** DATASET CONTENT follows **

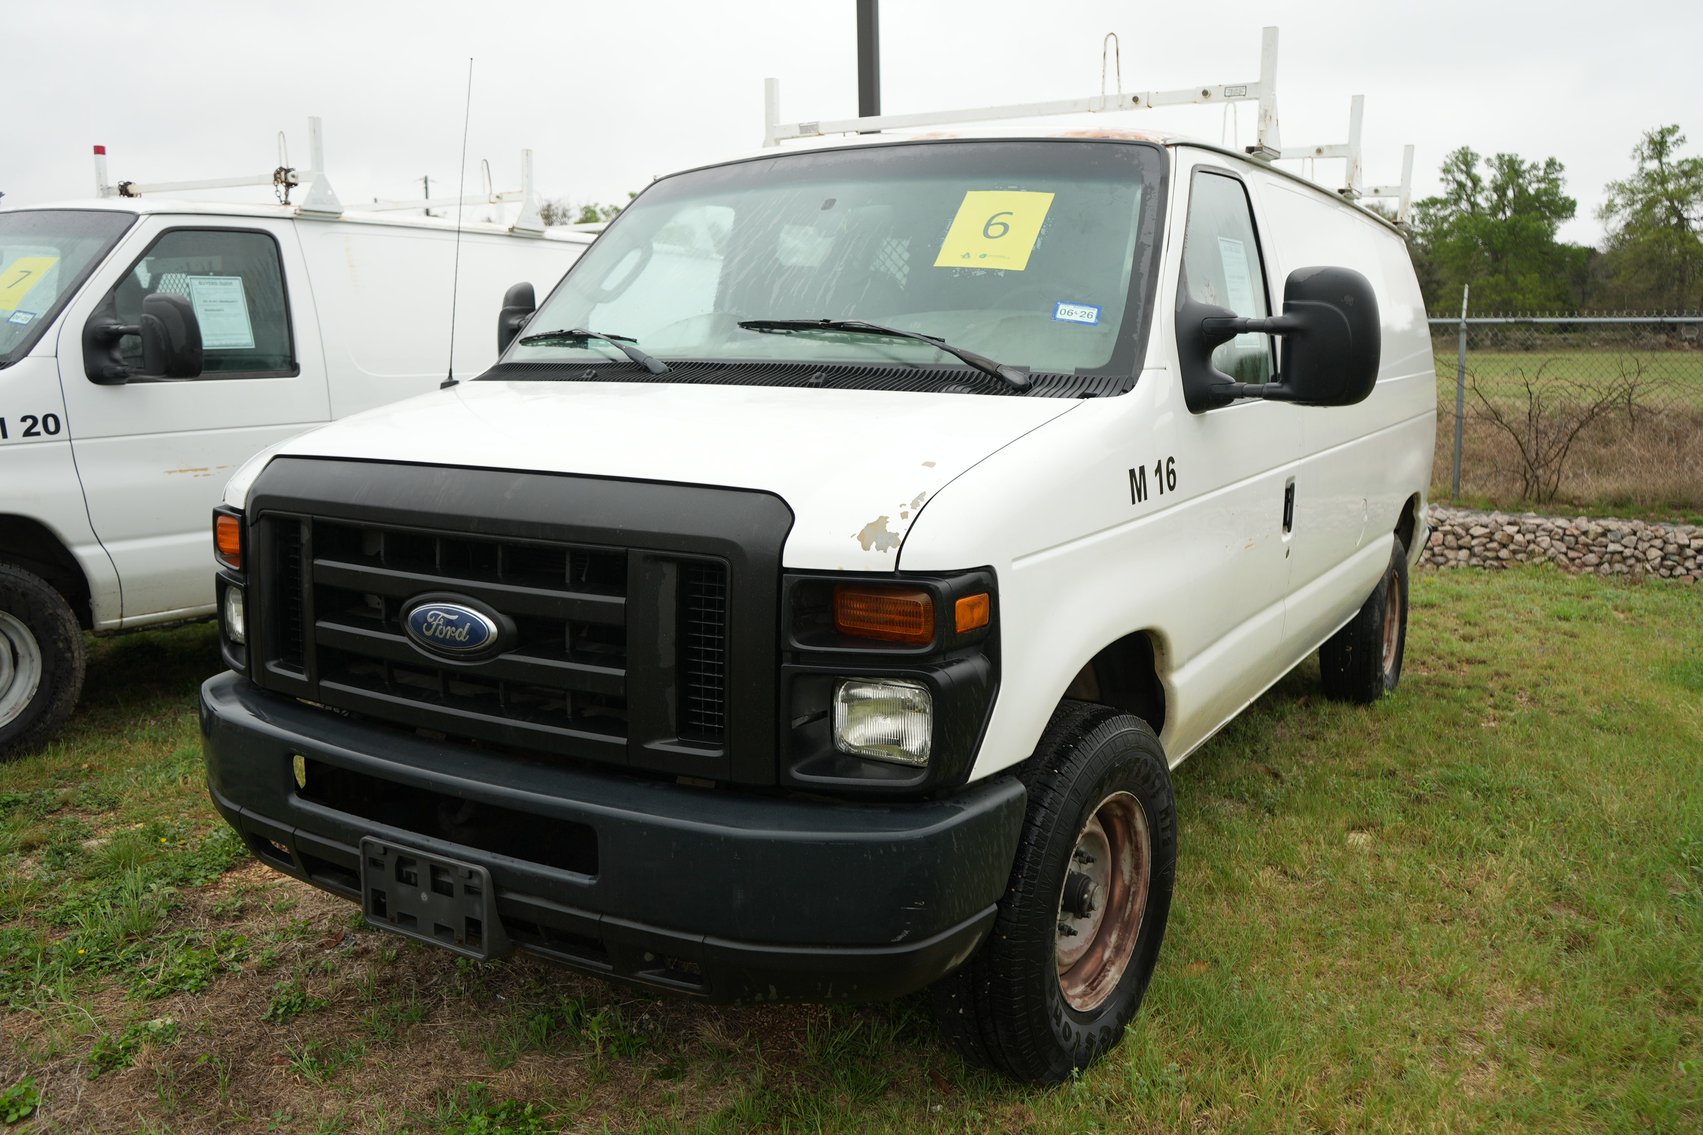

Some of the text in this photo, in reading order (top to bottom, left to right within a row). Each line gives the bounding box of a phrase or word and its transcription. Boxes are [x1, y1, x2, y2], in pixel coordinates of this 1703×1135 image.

[982, 211, 1014, 240] 6
[7, 270, 32, 289] 7
[20, 413, 61, 438] 20
[1128, 456, 1177, 505] M 16
[422, 610, 471, 642] Ford
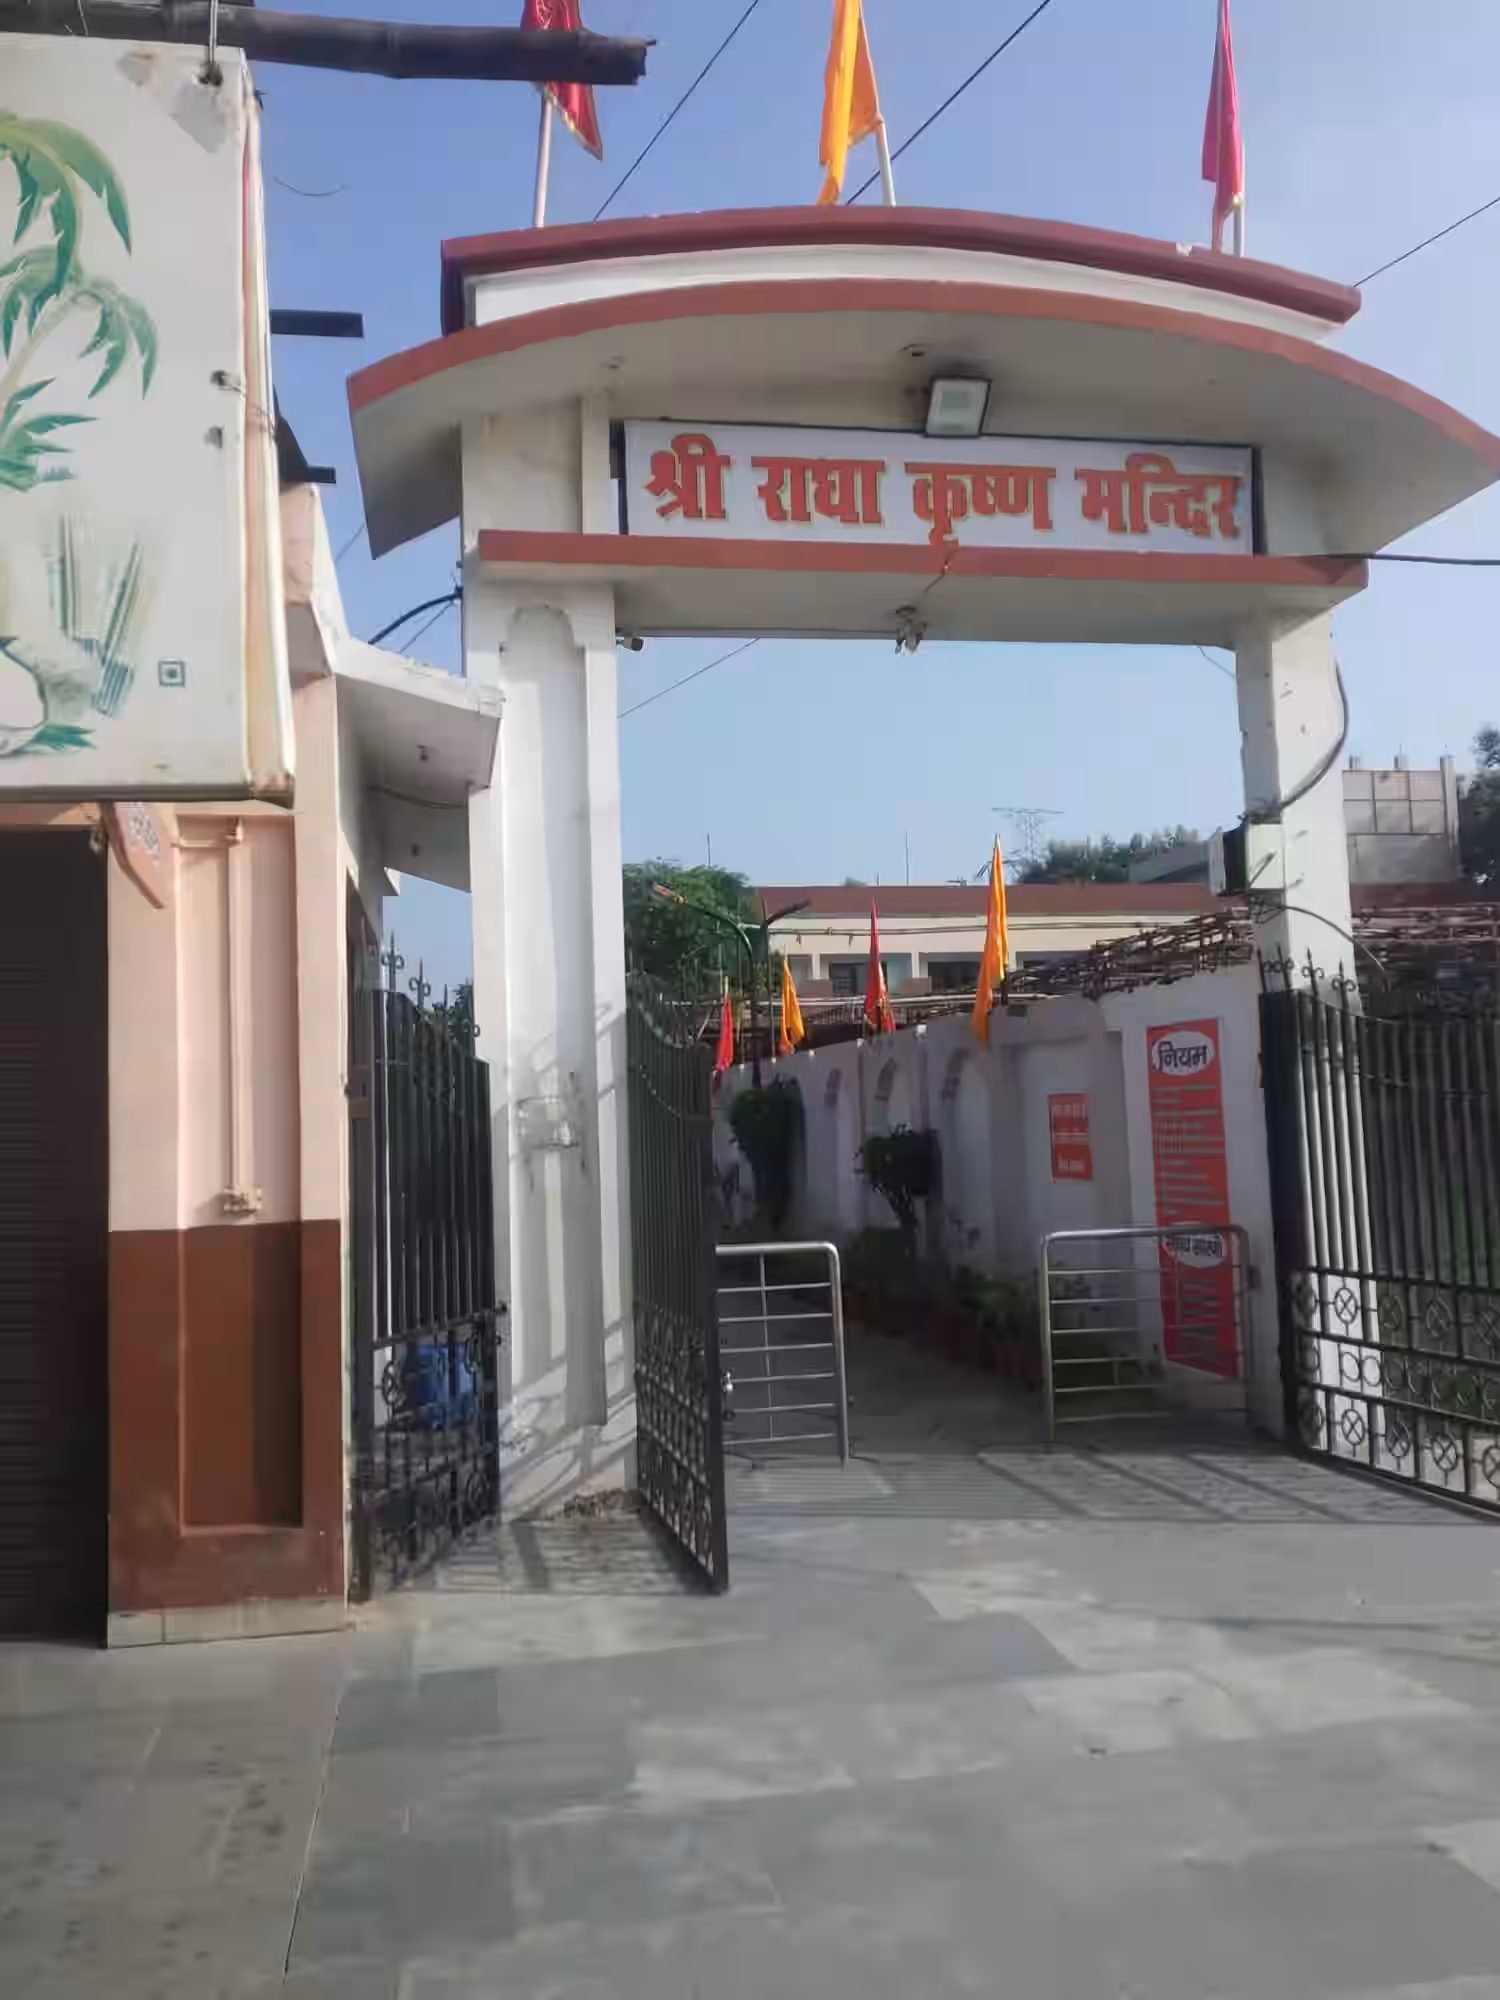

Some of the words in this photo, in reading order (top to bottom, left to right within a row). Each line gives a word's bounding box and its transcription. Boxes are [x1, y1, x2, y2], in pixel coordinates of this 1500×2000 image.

[644, 433, 731, 520] श्री
[904, 461, 1057, 549] कृष्ण
[1158, 1041, 1207, 1072] नियम
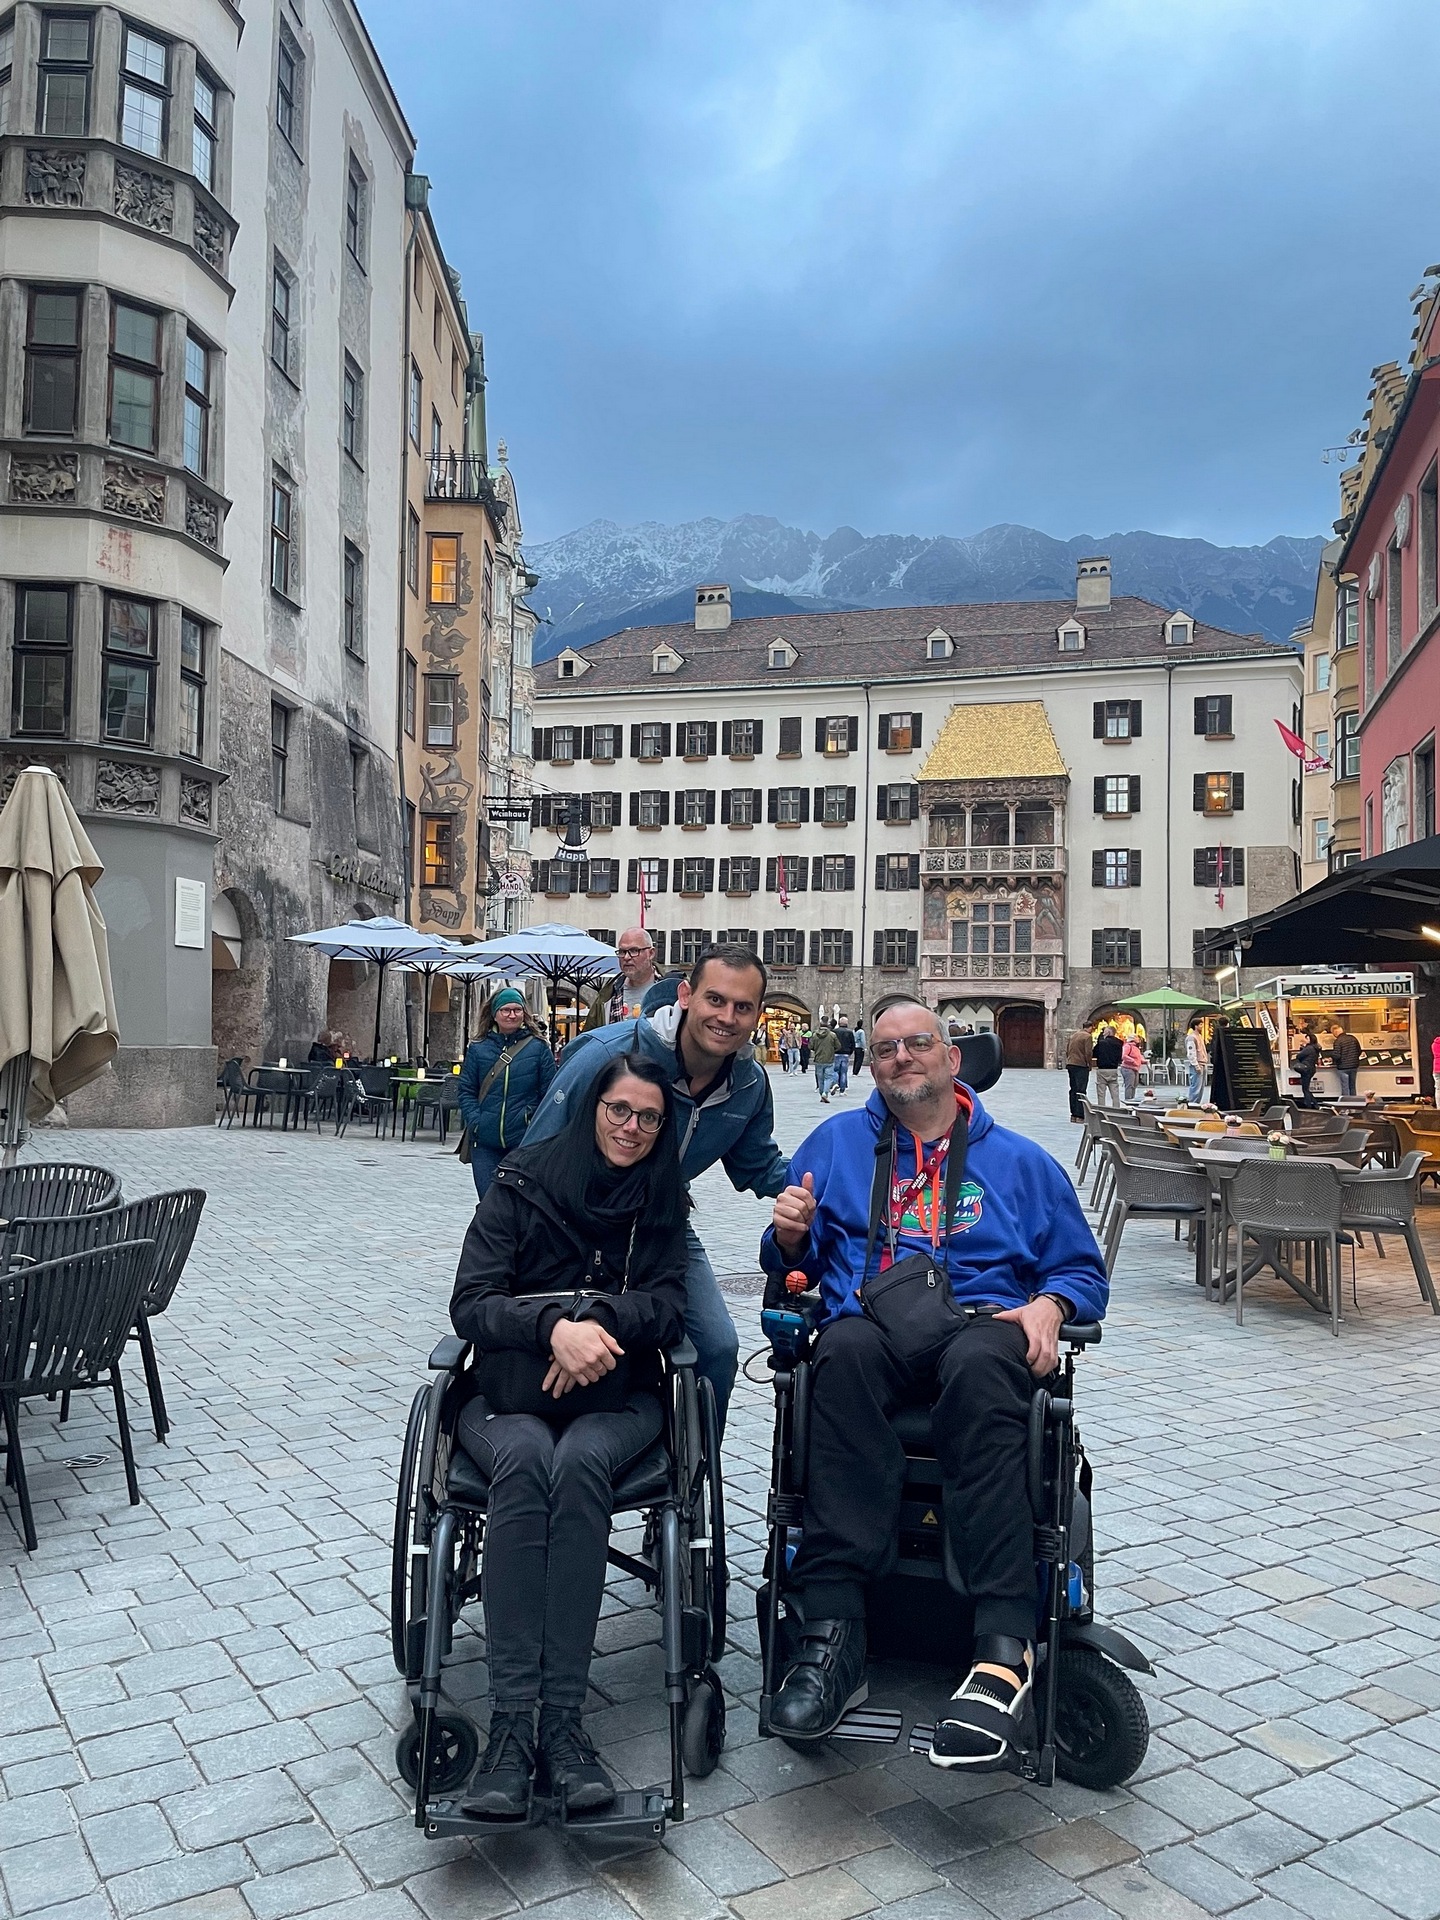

** End of DATASET CONTENT **

Write out every record above exactly as it stands, but leave out the pictures.

WRITTEN SOLUTION
Some of the text in this photo, in reading order (top to bottom, left to right within a row). Each line gives the bounding box of a phrase or word and its transcription. Boxes are [x1, y1, x2, y2], in pixel coordinates of this 1703×1135 image.

[982, 211, 1014, 240] 6
[7, 270, 32, 289] 7
[20, 413, 61, 438] 20
[1128, 456, 1177, 505] M 16
[422, 610, 471, 642] Ford

Some of the words in this photo, in reading order (top to bottom, left to right within a row). Each line gives a word's bounding box and its transcription. Boxes are [x1, y1, x2, y2], in pixel coordinates of this 1500×2000 image.

[644, 433, 731, 520] श्री
[904, 461, 1057, 549] कृष्ण
[1158, 1041, 1207, 1072] नियम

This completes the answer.